= PROBLEM DETAILS =
Could you copy every entry exactly, dropping the pictures?

────────────────────────────────────────

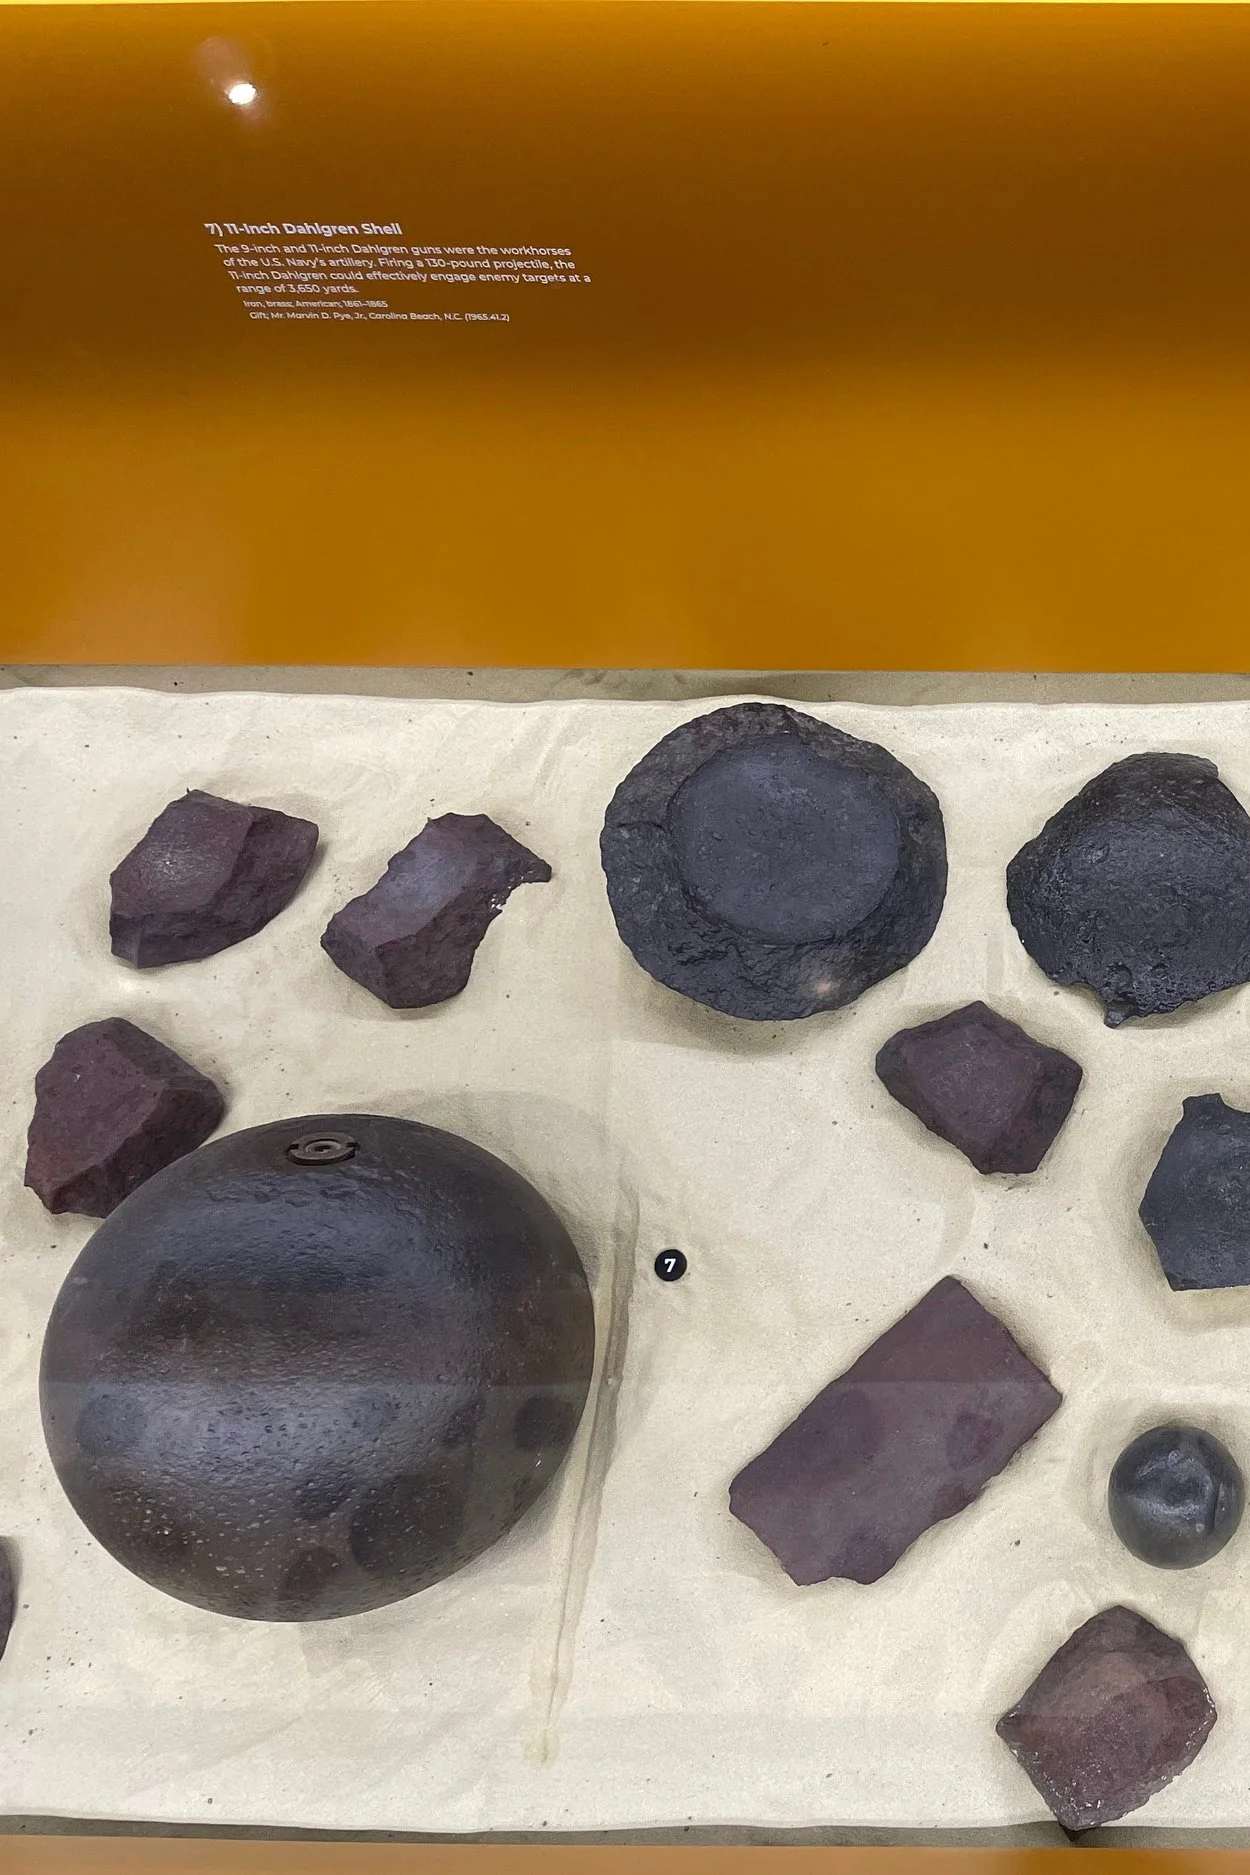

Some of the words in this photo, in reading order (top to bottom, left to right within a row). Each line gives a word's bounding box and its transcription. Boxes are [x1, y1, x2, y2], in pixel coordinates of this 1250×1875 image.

[204, 223, 223, 236] 7)
[223, 223, 280, 234] 11-Inch
[282, 223, 359, 236] Dahlgren
[361, 223, 402, 234] Shell
[214, 244, 240, 253] The
[241, 244, 280, 253] 9-inch
[283, 244, 307, 253] and
[307, 244, 349, 253] 11-inch
[351, 244, 408, 255] Dahlgren
[411, 247, 442, 255] guns
[476, 246, 498, 254] the
[500, 246, 571, 255] workhorses
[224, 258, 234, 266] of
[236, 258, 258, 266] the
[260, 258, 284, 266] U.S.
[328, 258, 376, 268] artillery.
[378, 258, 414, 269] Firing
[424, 258, 490, 269] 130-pound
[493, 259, 552, 270] projectile,
[554, 260, 575, 269] the
[228, 271, 269, 279] 11-inch
[270, 271, 328, 281] Dahlgren
[330, 271, 364, 280] could
[366, 271, 427, 282] effectively
[430, 274, 476, 282] engage
[479, 274, 519, 283] enemy
[522, 274, 566, 284] targets
[569, 274, 581, 282] at
[236, 286, 271, 294] range
[274, 284, 286, 292] of
[287, 284, 320, 294] 3,650
[322, 284, 358, 294] yards.
[333, 312, 353, 320] Pye,
[355, 312, 367, 320] Jr.,
[465, 314, 509, 322] (1965.41.2)
[665, 1258, 676, 1272] 7
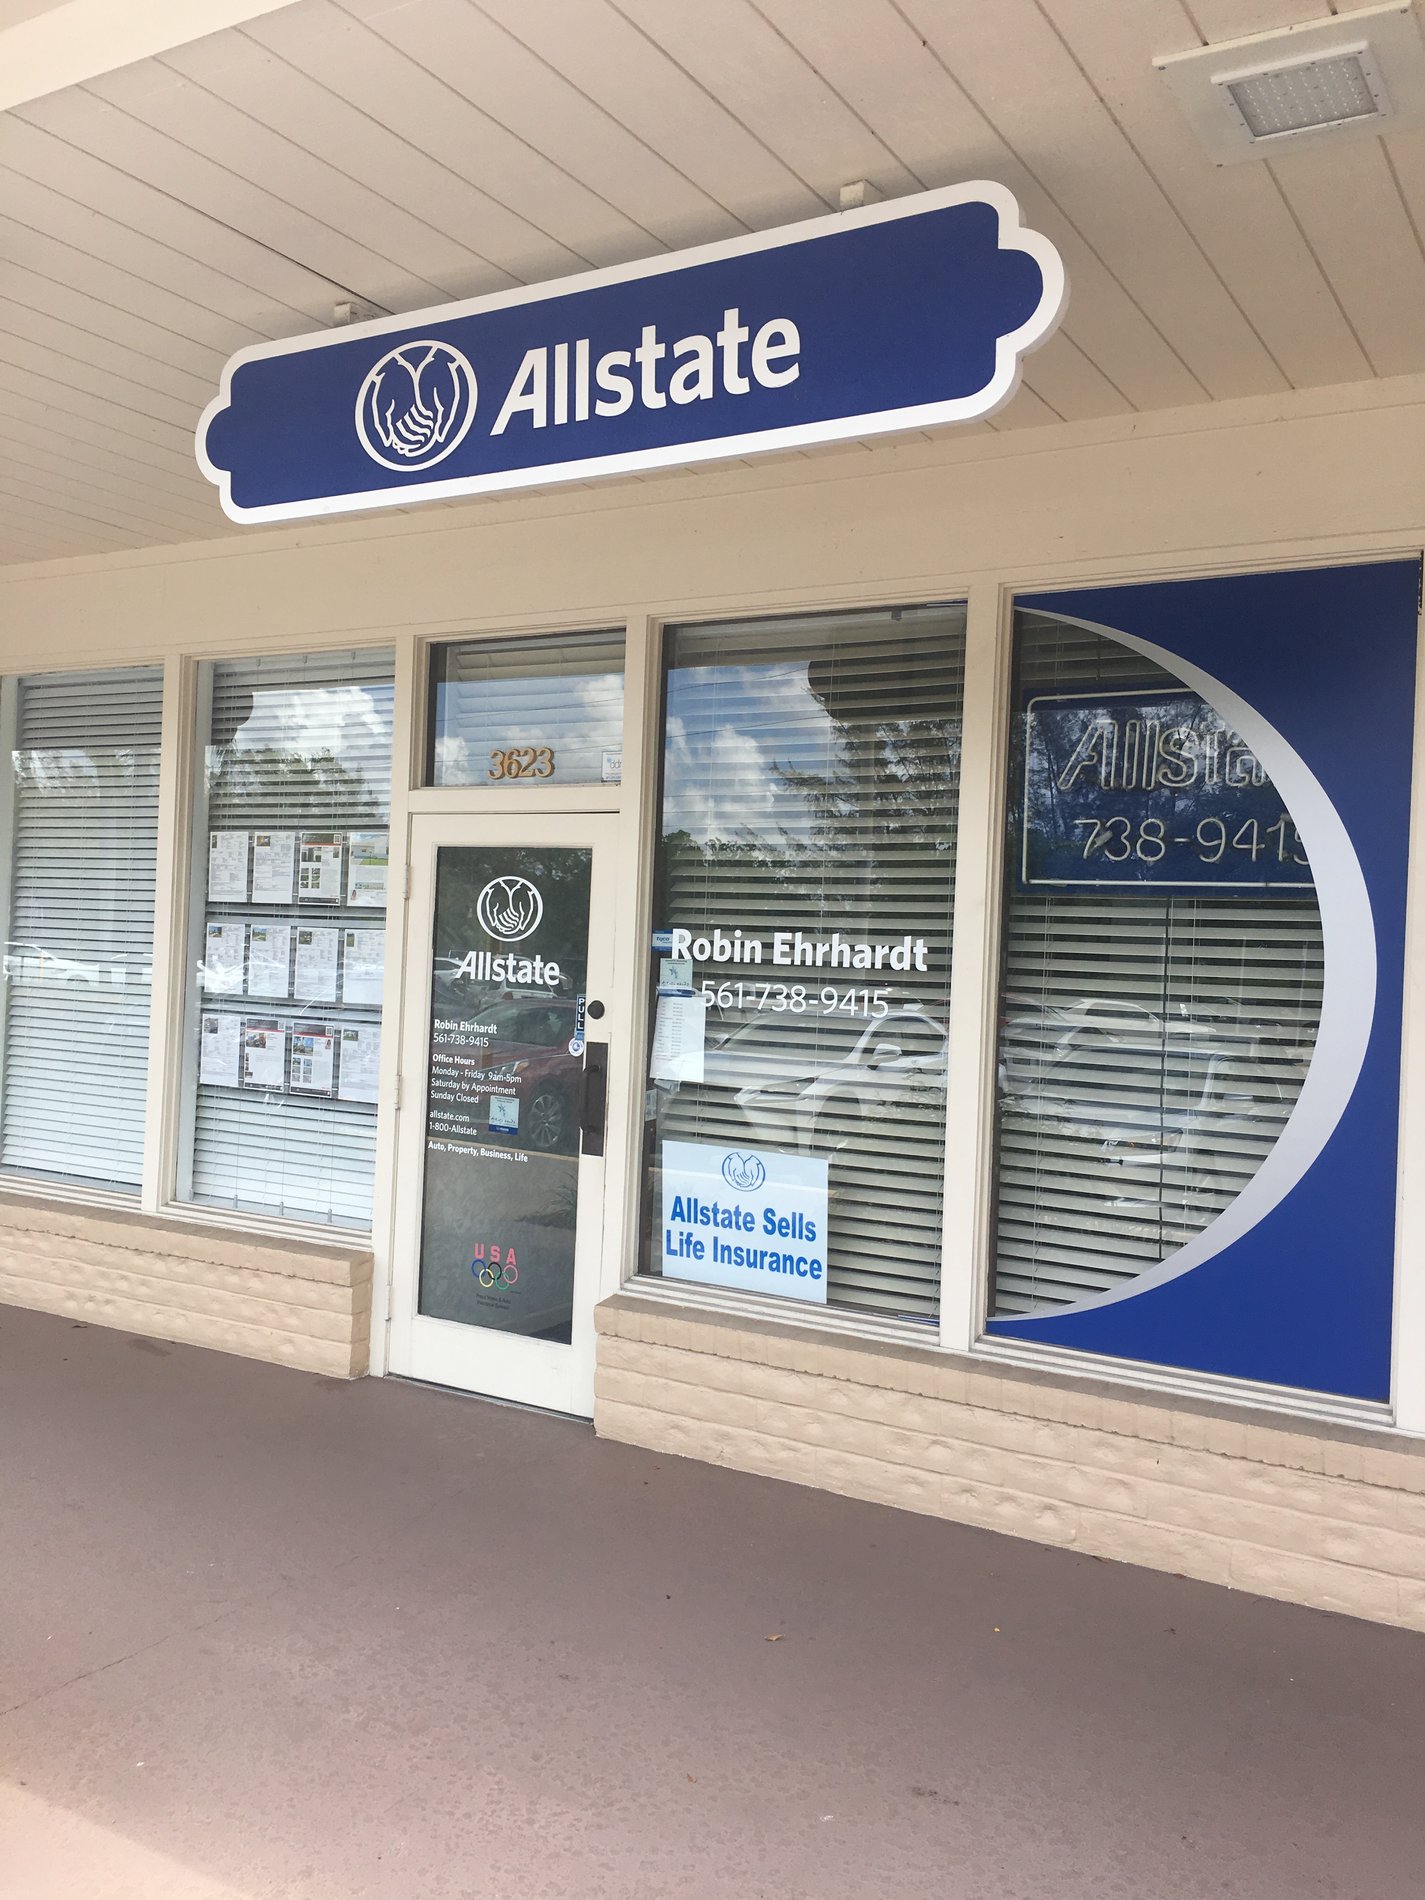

────────────────────────────────────────

= ANSWER SPACE =
Some of the words in this photo, in reading order (top to bottom, left to right within a row). Each line gives a word's bounding box and its transcription. Boxes are [x1, y1, x2, y2], in pixel coordinates of this 1250×1875 image.

[204, 223, 223, 236] 7)
[223, 223, 280, 234] 11-Inch
[282, 223, 359, 236] Dahlgren
[361, 223, 402, 234] Shell
[214, 244, 240, 253] The
[241, 244, 280, 253] 9-inch
[283, 244, 307, 253] and
[307, 244, 349, 253] 11-inch
[351, 244, 408, 255] Dahlgren
[411, 247, 442, 255] guns
[476, 246, 498, 254] the
[500, 246, 571, 255] workhorses
[224, 258, 234, 266] of
[236, 258, 258, 266] the
[260, 258, 284, 266] U.S.
[328, 258, 376, 268] artillery.
[378, 258, 414, 269] Firing
[424, 258, 490, 269] 130-pound
[493, 259, 552, 270] projectile,
[554, 260, 575, 269] the
[228, 271, 269, 279] 11-inch
[270, 271, 328, 281] Dahlgren
[330, 271, 364, 280] could
[366, 271, 427, 282] effectively
[430, 274, 476, 282] engage
[479, 274, 519, 283] enemy
[522, 274, 566, 284] targets
[569, 274, 581, 282] at
[236, 286, 271, 294] range
[274, 284, 286, 292] of
[287, 284, 320, 294] 3,650
[322, 284, 358, 294] yards.
[333, 312, 353, 320] Pye,
[355, 312, 367, 320] Jr.,
[465, 314, 509, 322] (1965.41.2)
[665, 1258, 676, 1272] 7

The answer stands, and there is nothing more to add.